* YGF 1 *

134 6 0
                                    


Çok şeyler değişmiyor hayatımda

Gün, Ay, Yıl dışında

*******

Alarmın sesiyle uyanmak zorunda kaldım ama nedense yataktan kalkmaya hiç niyetim yok. 5 dakika daha yatakta öylece yatma fikri bana çok cazip geldi. Hayran olmuşumdur alarm çalar çalmaz hemen kalkıp hazırlananlara ama nedense ben hiçbir zaman öyle olamadım. Yatak keyfi yaparken bir yandan da bu sene nasıl geçer diye düşünmüştüm.

Bugün okulun ilk günüydü, üniversitede ki son senem olduğu için de oldukça heyecanlıydım. Okulumun bir an önce bitmesini ve hayata atılmayı çok istiyordum. Ama bir yanım da okulun bitmesini hiç istemiyordu. Aslında ne istediğimi ben de tam olarak bilmiyordum. Okumak iyi güzel ama şu sınav zamanları tam bir kâbus haftasıydı. Bu stres altında adam bile öldürebilirdim. Kendimi o derece gergin ve huysuz hissediyordum.

Kendimi bildiğimden beri okuyordum. Okul bitince ne yapacağımı bile bilmiyordum. İş bulabilecek miyim? Hadi bir iş bulduk diyelim nasıl çalışacaktım. Ya bir süre sonra sıkılırsam ne olacak. Ben sıkıldım işe gitmeyeceğim bugün diyemezsin ki. Ama okul öyle mi ya... Sabah erken olan derse kalkamayacağın için gitmiyorsun. Ya da derse gitmek istemezsen gitmiyorsun. Kimseye hesap vermek zorunda değilsin. Ama çalıştığın yerde izin almak zorundasın. Bu sorumluluk altına girip girmemek konusunda kararsızım.

Hep iyi bir işte çalışmak için okuduk. İdeallerimize ulaşmak için bir sürü zorluklara göğüs gerdik. Girmediğimiz sınav kalmadı. Bizimle birlikte ailemiz de bu sınavlara girmiş kadar oldular. Sınav zamanımız da ki gerginliğimizden onlarda nasiplerini yeterince aldılar. Ama artık emeklerimizin sonucuna ulaşma zamanı.

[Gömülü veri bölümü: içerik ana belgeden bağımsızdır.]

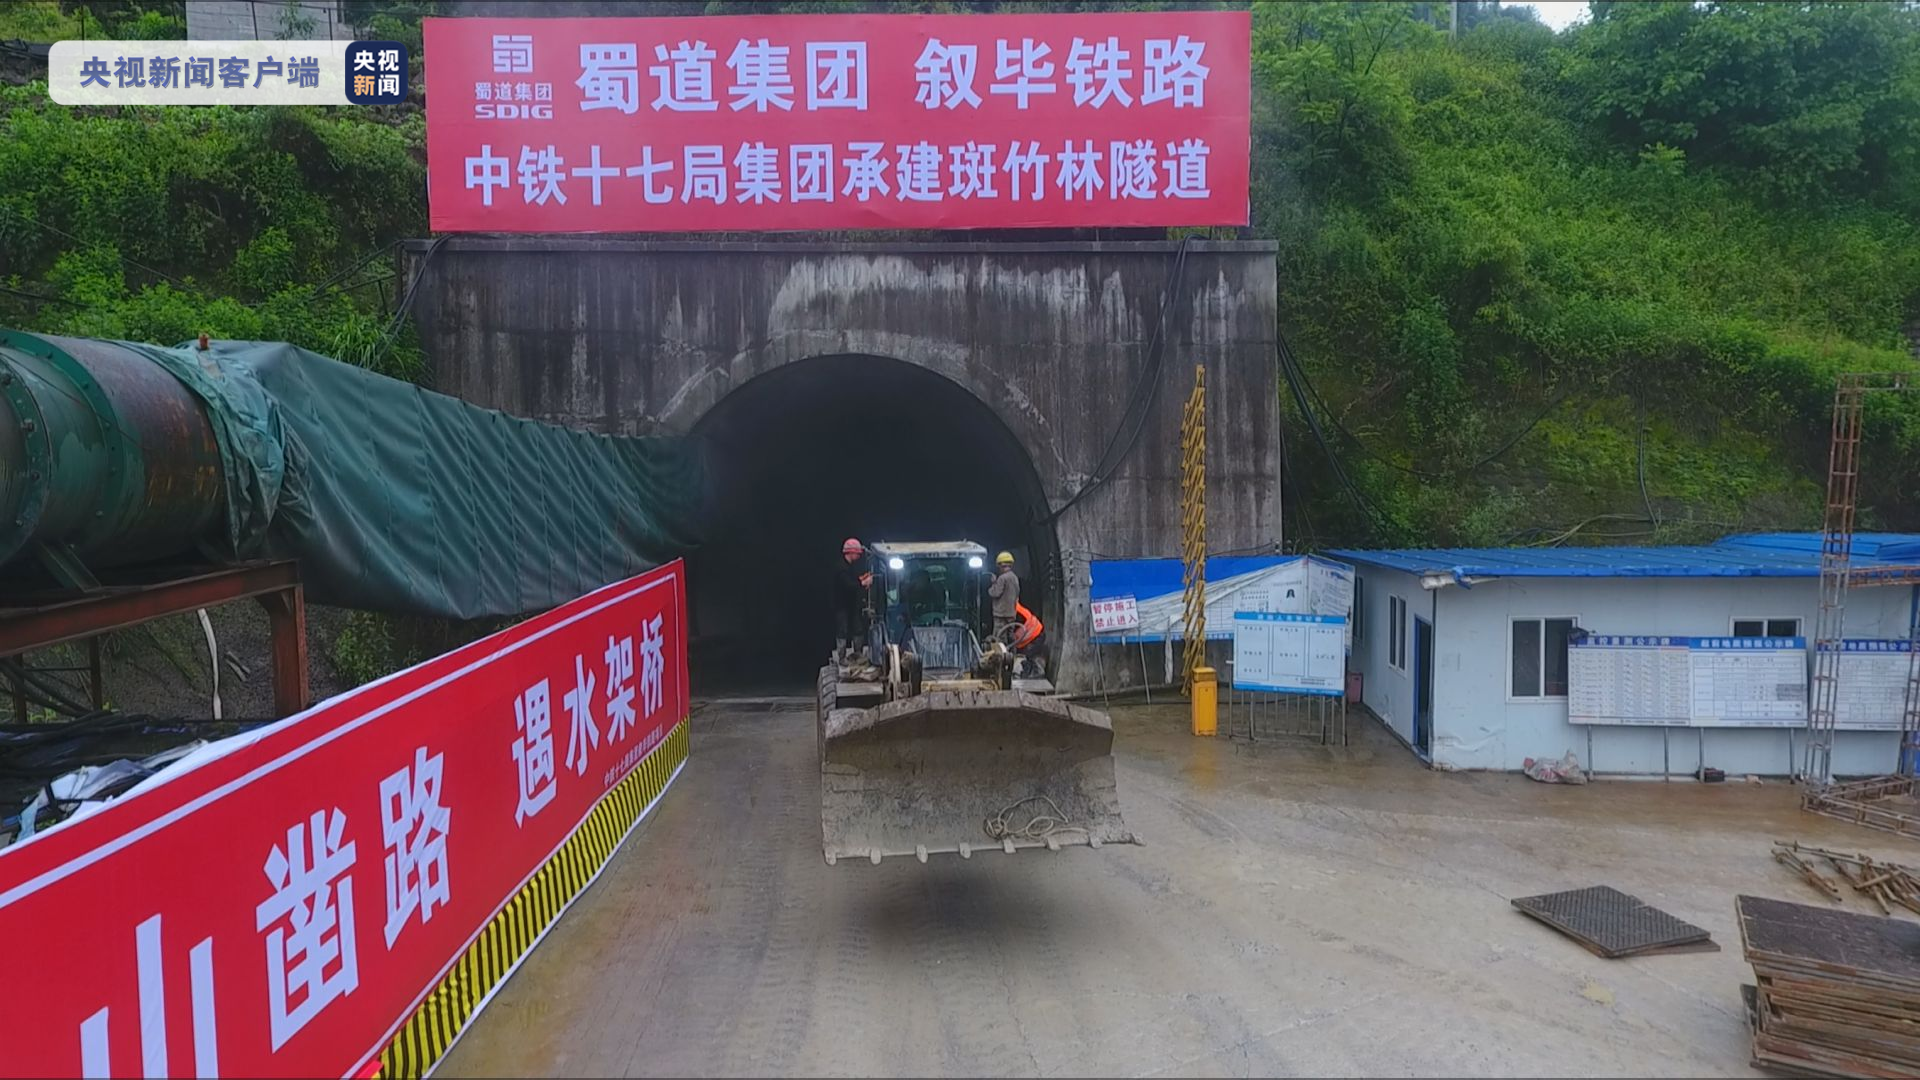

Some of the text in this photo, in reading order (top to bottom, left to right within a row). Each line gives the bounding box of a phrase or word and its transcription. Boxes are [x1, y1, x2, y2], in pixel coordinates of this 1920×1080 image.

[475, 82, 552, 101] 蜀道集团
[574, 34, 1211, 114] 蜀道集团 叙毕铁路
[475, 104, 553, 119] SDIG
[464, 138, 1211, 207] 中铁十七局集团承建斑竹林隧道
[1095, 614, 1138, 628] 禁止进入
[511, 611, 666, 829] 遇水架桥

Yataktan doğrulup saate baktım. 5 dakika diye yatmıştım ama 10 dakika geçmiş. İlk günden geç kalacaktım okula. Hemen apar topar yataktan kalktım. Doğru lavaboya gidip elimi yüzümü yıkadım. Aynadaki yansımama bakıp kendime gülümsedim. Bunu her sabah mutlaka yapardım. Çünkü gülümsemek beni mutlu ediyordu ve güne güzel bir başlangıç yapmamı sağlıyordu.

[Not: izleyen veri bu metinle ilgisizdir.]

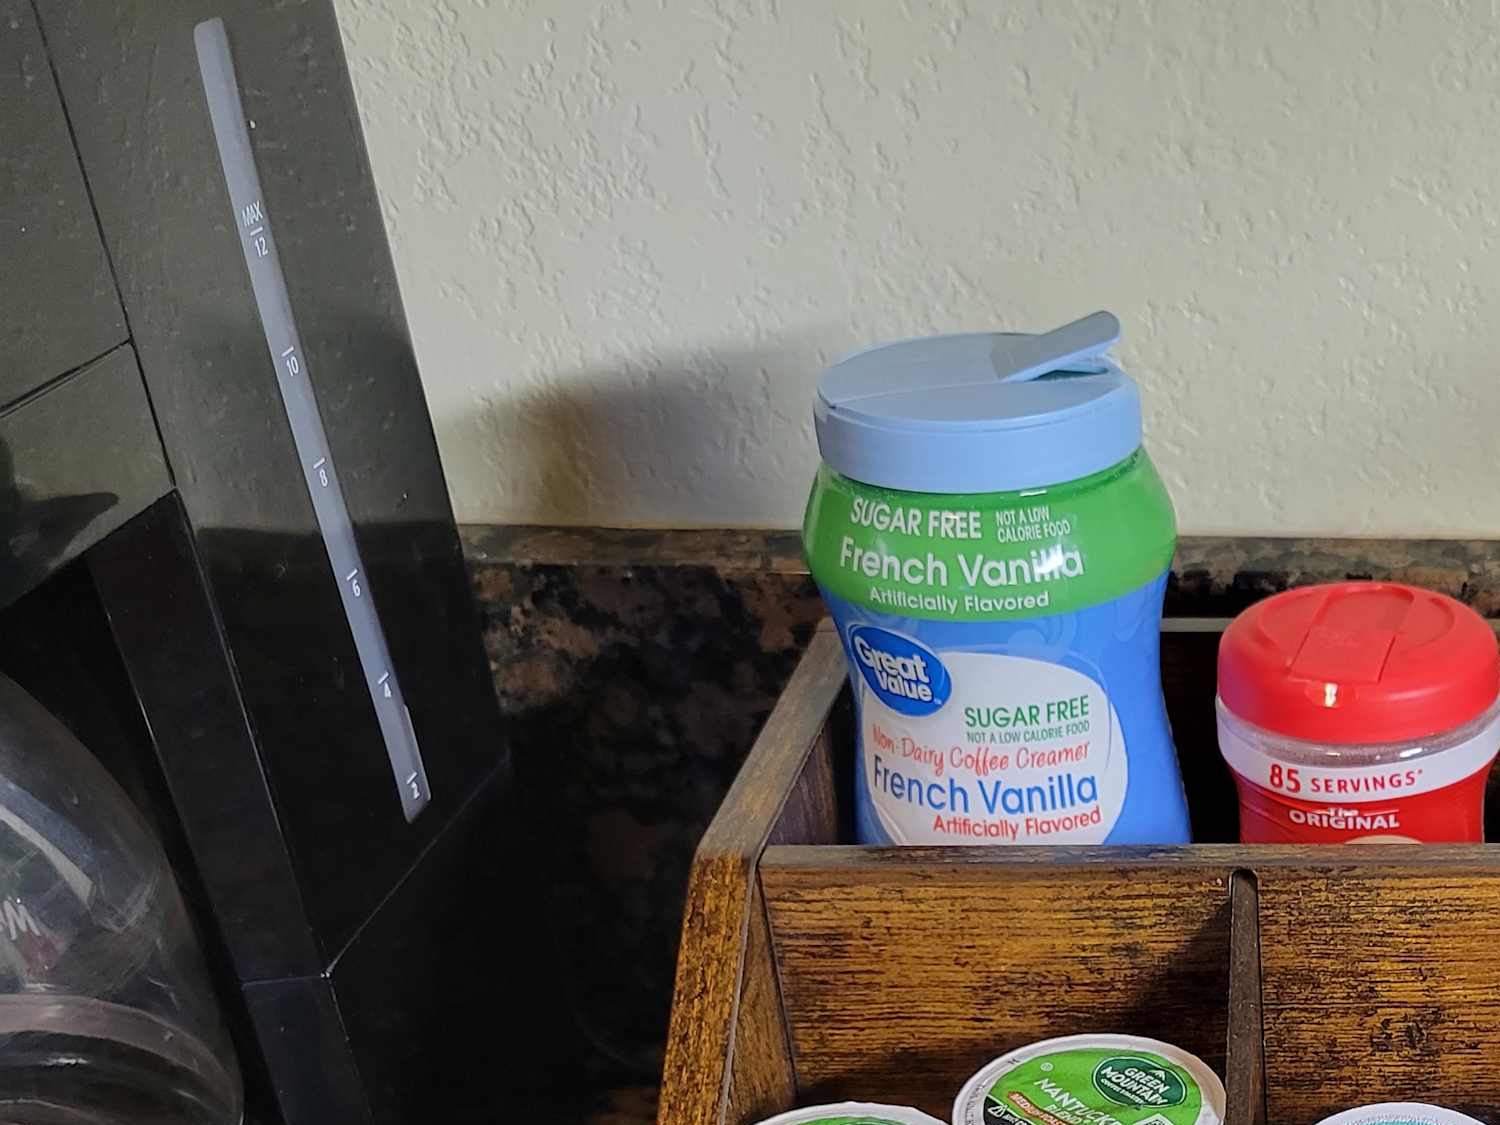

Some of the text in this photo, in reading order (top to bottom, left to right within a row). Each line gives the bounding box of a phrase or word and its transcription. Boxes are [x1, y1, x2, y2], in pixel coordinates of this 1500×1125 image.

[241, 200, 264, 227] MAX
[255, 236, 269, 258] 12
[286, 356, 299, 377] 10
[319, 468, 329, 488] 8
[849, 497, 982, 540] SUGAR FREE
[996, 505, 1050, 527] NOT A LOW
[997, 519, 1071, 544] CALORIE FOOD
[839, 536, 1085, 590] French Vanilla
[351, 578, 361, 598] 6
[868, 586, 1050, 616] Artificially Flavored
[854, 635, 930, 684] Great
[382, 682, 392, 698] 4
[877, 671, 933, 702] Value
[963, 694, 1090, 730] SUGAR FREE
[966, 719, 1091, 745] NOT A LOW CALORIE FOOD
[901, 736, 945, 776] Dairy
[950, 743, 1010, 776] Coffee
[1015, 739, 1091, 771] Creamer
[409, 780, 420, 800] 2
[873, 753, 1099, 816] French Vanilla
[1269, 763, 1302, 794] 85
[933, 805, 1101, 841] Artificially Flavored
[1288, 809, 1401, 831] ORIGINAL
[1100, 1066, 1169, 1105] MOUNTAIN
[1124, 1068, 1171, 1094] GREEN
[1008, 1092, 1041, 1117] MEDIUM
[1043, 1104, 1083, 1125] BLEND

Mutfağa gidip buzdolabından kahvaltılıkları çıkarıp apar topar kahvaltımı yaptım. Kalan kahvaltılıkları buzdolabına geri koyduktan sonra odama gidip hazırlanmaya başladım. Allah'tan akşamdan ne giyeceğimi kafamda tasarlamıştım. Yoksa şimdi iki saatte dolabın önünde ne giyeceğim diye düşünecektim.

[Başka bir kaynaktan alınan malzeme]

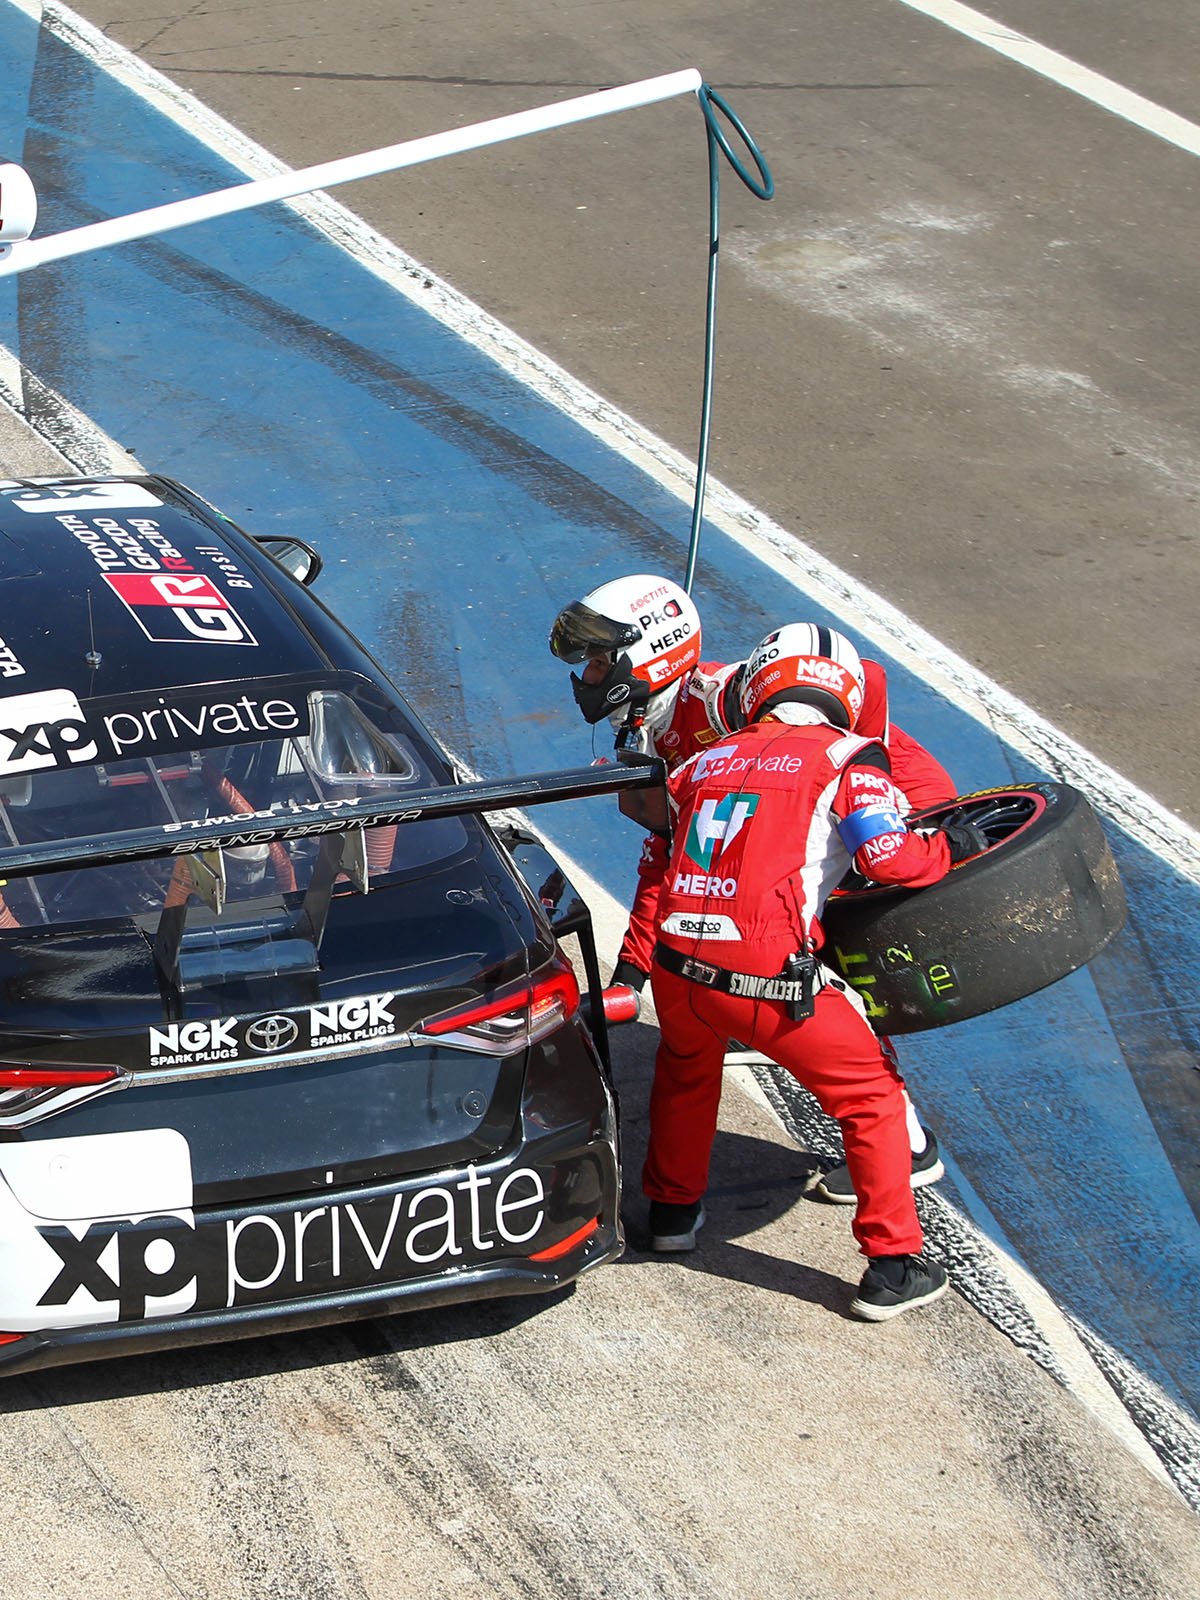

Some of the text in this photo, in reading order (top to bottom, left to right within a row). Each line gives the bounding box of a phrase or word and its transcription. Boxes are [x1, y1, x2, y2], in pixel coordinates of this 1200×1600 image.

[56, 514, 126, 571] TOYOTA
[92, 517, 161, 571] GAZOO
[127, 518, 195, 571] Racing
[195, 546, 254, 590] Brasil
[149, 575, 244, 641] GR
[630, 585, 669, 613] LOCTITE
[650, 622, 691, 654] HERO
[744, 648, 779, 684] HERO
[797, 658, 846, 687] NGK
[103, 694, 300, 756] private
[726, 753, 803, 775] private
[171, 831, 275, 854] BRUNO
[864, 832, 904, 859] NGK
[671, 873, 738, 898] HERO
[679, 919, 722, 934] sparco
[309, 991, 396, 1038] NGK
[149, 1016, 240, 1057] NGK
[310, 1024, 396, 1048] SPARK PLUGS
[150, 1048, 239, 1067] SPARK PLUGS
[225, 1163, 546, 1308] private

Dolaptan çıkardığım beyaz salaş bir tişörtü üstüme giydim altına da dar Jean kot pantolonumu giydim. Uzun  bir kolye ile gayet şık duruyordum. Saçlarımı maşa ile şekil verdikten sonra gözlerimin rengini ortaya çıkaracak şekilde göz makyajımı yaptım. Masanın üstünde ki çantamı elime alıp odadan çıktım. Babetlerimi giydikten sonra kapının önünde ki aynadan kendime son bir kez bakıp gülümseyerek dışarı çıktım.

Bugün okulun ilk günüydü ve güzel geçmesini istiyordum. Bir işin nasıl başlarsa öyle gider derdi anneannem ve ben bu söze çok inanırdım. Güzel başlayıp bütün bir senemin güzel geçmesini istiyordum.

Yolda giderken telefonum çaldı. Çantada bir süre telefonu aradıktan sonra sonunda bulmuştum. Ekranda ki ismi gördüğümde gülümseyerek telefonumu açtım.

"Günaydın"

"Günaydın, neredesin geliyorsun okula değil mi?"

"Geliyorum tabi ki de yoldayım daha yeni çıktım evden, durağa gelmek üzereyim sen neredesin"

"Duraktayım seni göremeyince arayayım dedim"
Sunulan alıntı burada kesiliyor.